(Free-text object descriptions)
○ ○ ○ ○ ○

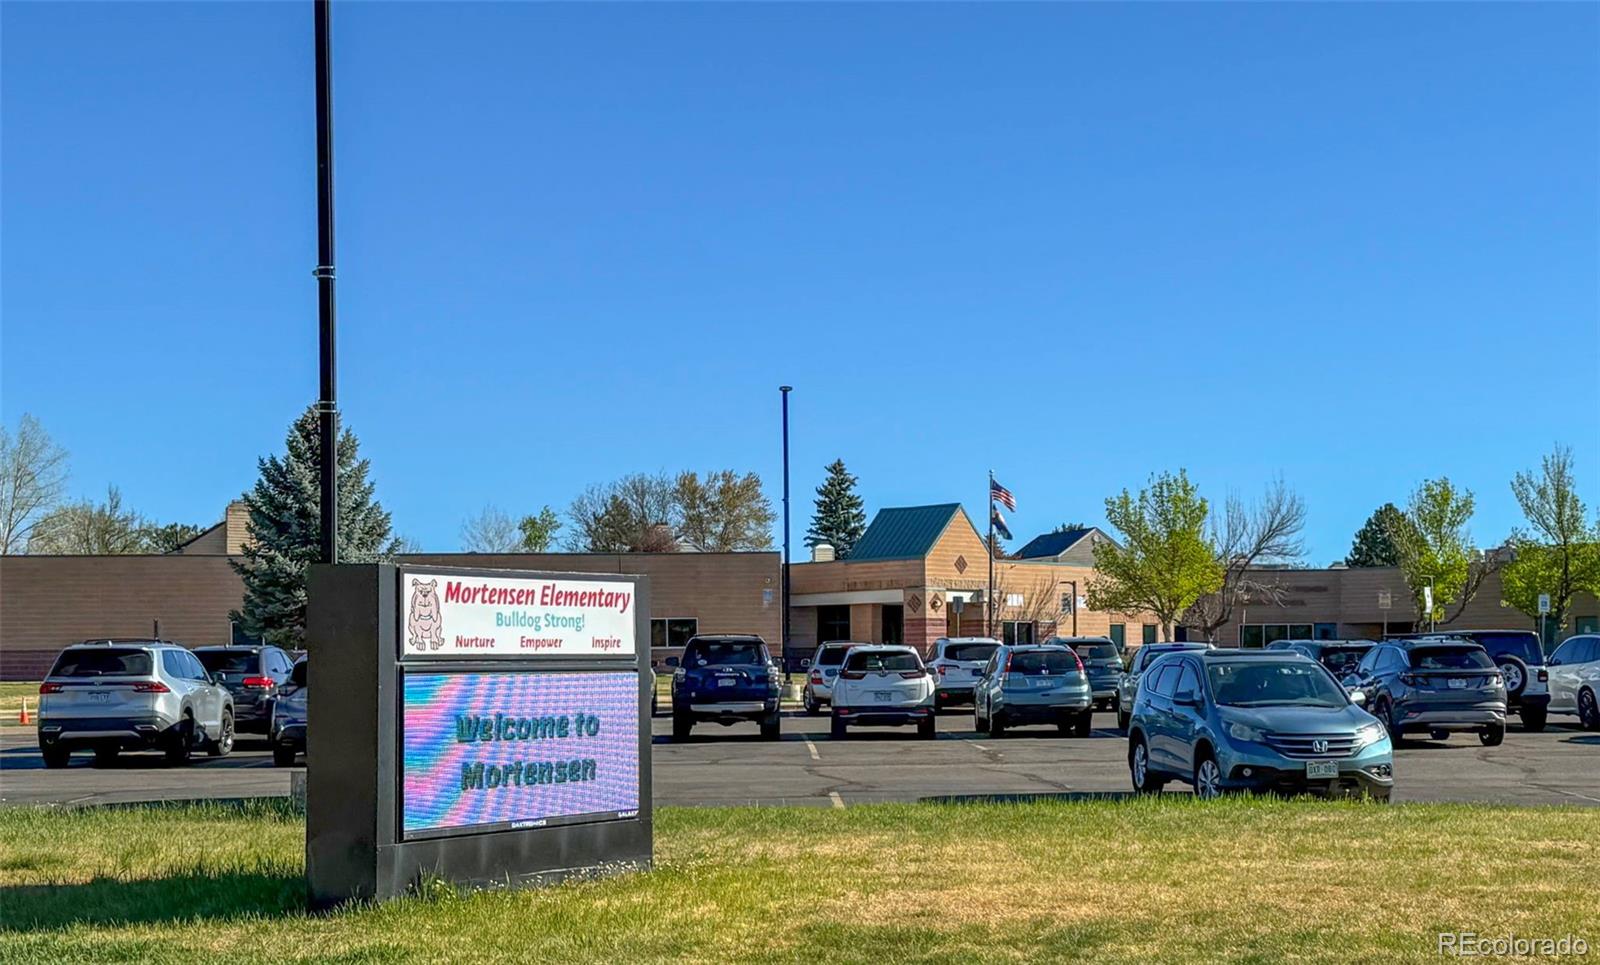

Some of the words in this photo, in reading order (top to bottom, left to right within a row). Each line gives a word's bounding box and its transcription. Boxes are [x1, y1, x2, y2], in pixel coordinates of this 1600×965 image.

[444, 581, 535, 606] Mortensen
[540, 583, 631, 614] Elementary
[496, 610, 542, 632] Bulldog
[544, 612, 585, 632] Strong!
[455, 635, 496, 649] Nurture
[520, 635, 564, 652] Empower
[592, 635, 622, 652] Inspire
[456, 711, 570, 743] Welcome
[574, 712, 600, 737] to
[461, 758, 597, 791] Mortensen
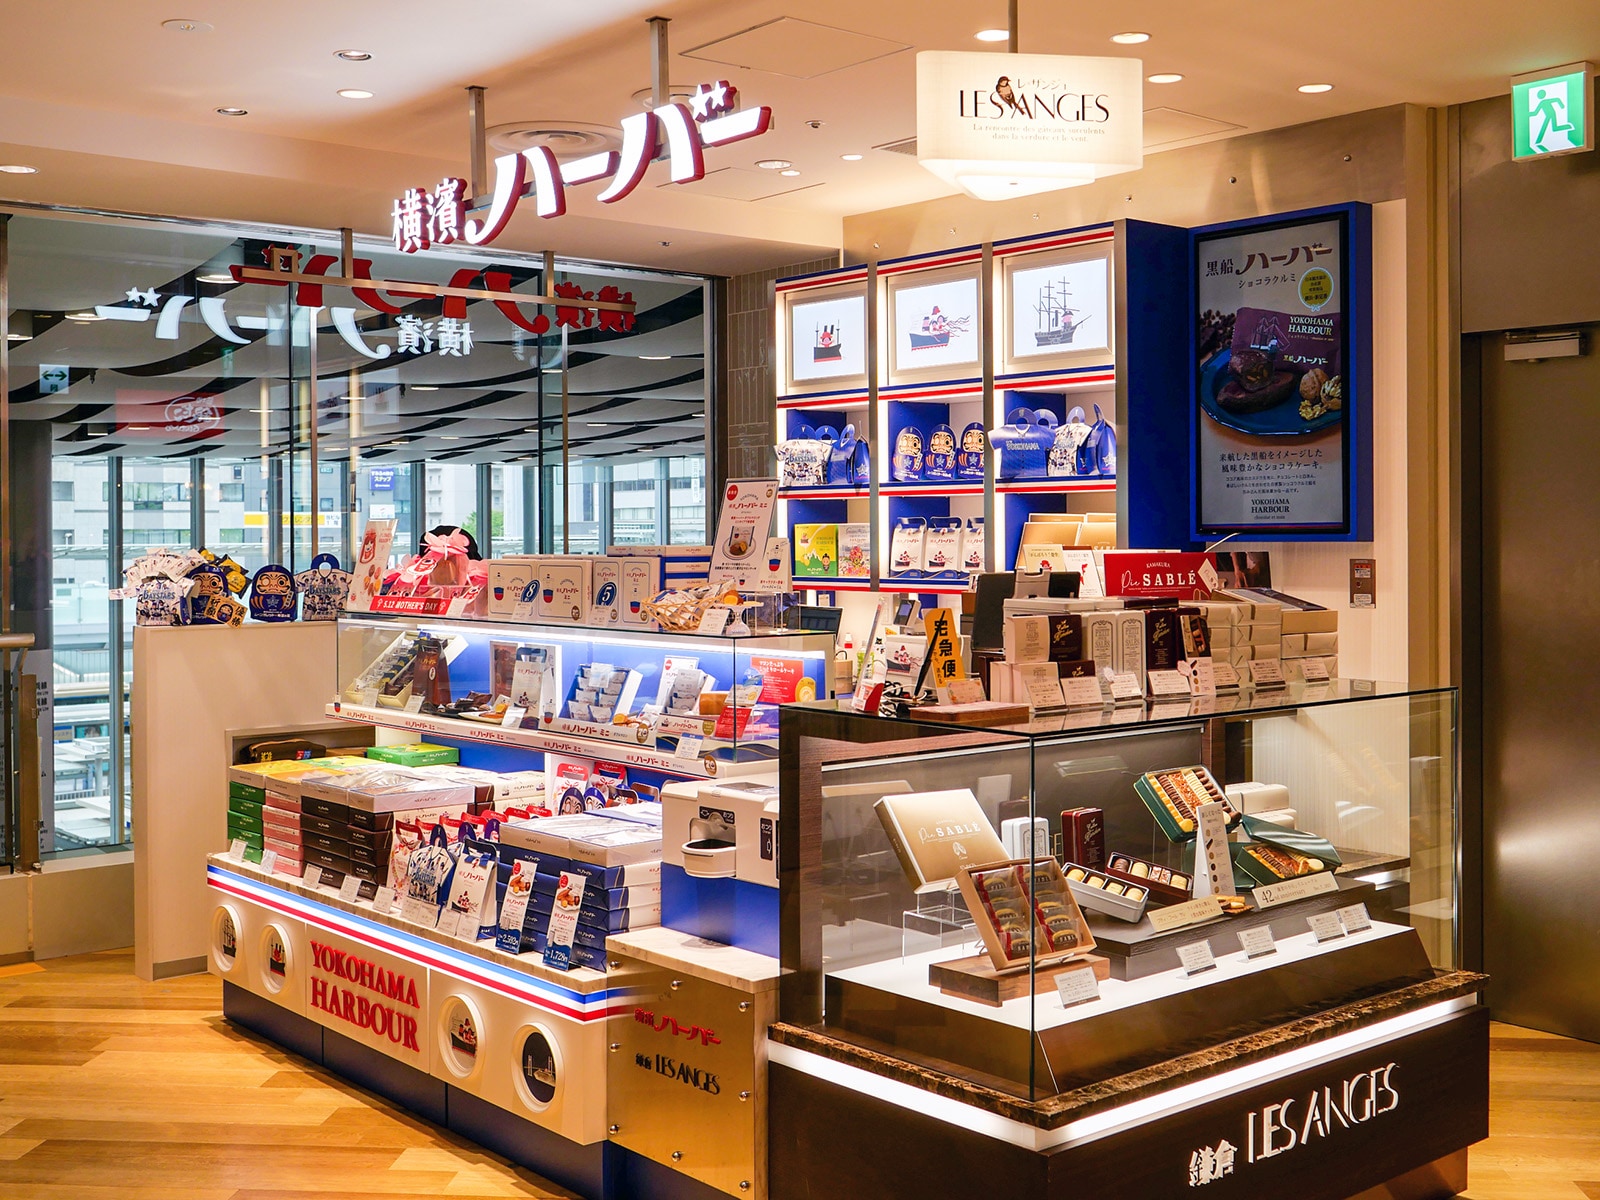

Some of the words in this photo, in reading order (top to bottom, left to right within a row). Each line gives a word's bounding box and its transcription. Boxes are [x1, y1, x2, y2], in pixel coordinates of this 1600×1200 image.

[960, 90, 1004, 120] LES
[1011, 93, 1110, 123] ANGES
[1238, 273, 1297, 289] ショコラクルミ
[1289, 316, 1334, 327] YOKOHAMA
[1288, 324, 1332, 336] HARBOUR
[1219, 449, 1323, 462] 来航した黒船をイメージした
[1251, 505, 1290, 513] HARBOUR
[1142, 570, 1197, 586] SABLÉ
[141, 589, 175, 601] BAYSTARS
[309, 584, 341, 596] BAYSTARS
[526, 583, 536, 597] 8
[602, 587, 611, 601] 5
[395, 601, 424, 611] MOTHER'S
[424, 603, 438, 611] DAY
[934, 620, 957, 678] 宅急便
[722, 811, 734, 819] おつり
[761, 822, 773, 831] おつり
[936, 822, 982, 838] SABLÉ
[309, 940, 421, 1009] YOKOHAMA
[309, 976, 420, 1053] HARBOUR
[656, 1054, 677, 1079] LES
[676, 1063, 721, 1095] ANGES
[1188, 1139, 1238, 1188] 鎌倉
[1248, 1098, 1297, 1164] LES
[1300, 1062, 1400, 1145] ANGES

○ ○ ○ ○ ○

* _Exercise description_:
Set the records down again word for word; the pictures stay out.

* _Solution to this task_:
Some of the words in this photo, in reading order (top to bottom, left to right within a row). Each line gives a word's bounding box and its transcription. Boxes are [x1, y1, x2, y2], in pixel coordinates of this 1600×965 image.

[444, 581, 535, 606] Mortensen
[540, 583, 631, 614] Elementary
[496, 610, 542, 632] Bulldog
[544, 612, 585, 632] Strong!
[455, 635, 496, 649] Nurture
[520, 635, 564, 652] Empower
[592, 635, 622, 652] Inspire
[456, 711, 570, 743] Welcome
[574, 712, 600, 737] to
[461, 758, 597, 791] Mortensen

Some of the words in this photo, in reading order (top to bottom, left to right within a row). Each line gives a word's bounding box and its transcription. Boxes are [x1, y1, x2, y2], in pixel coordinates of this 1600×1200 image.

[960, 90, 1004, 120] LES
[1011, 93, 1110, 123] ANGES
[1238, 273, 1297, 289] ショコラクルミ
[1289, 316, 1334, 327] YOKOHAMA
[1288, 324, 1332, 336] HARBOUR
[1219, 449, 1323, 462] 来航した黒船をイメージした
[1251, 505, 1290, 513] HARBOUR
[1142, 570, 1197, 586] SABLÉ
[141, 589, 175, 601] BAYSTARS
[309, 584, 341, 596] BAYSTARS
[526, 583, 536, 597] 8
[602, 587, 611, 601] 5
[395, 601, 424, 611] MOTHER'S
[424, 603, 438, 611] DAY
[934, 620, 957, 678] 宅急便
[722, 811, 734, 819] おつり
[761, 822, 773, 831] おつり
[936, 822, 982, 838] SABLÉ
[309, 940, 421, 1009] YOKOHAMA
[309, 976, 420, 1053] HARBOUR
[656, 1054, 677, 1079] LES
[676, 1063, 721, 1095] ANGES
[1188, 1139, 1238, 1188] 鎌倉
[1248, 1098, 1297, 1164] LES
[1300, 1062, 1400, 1145] ANGES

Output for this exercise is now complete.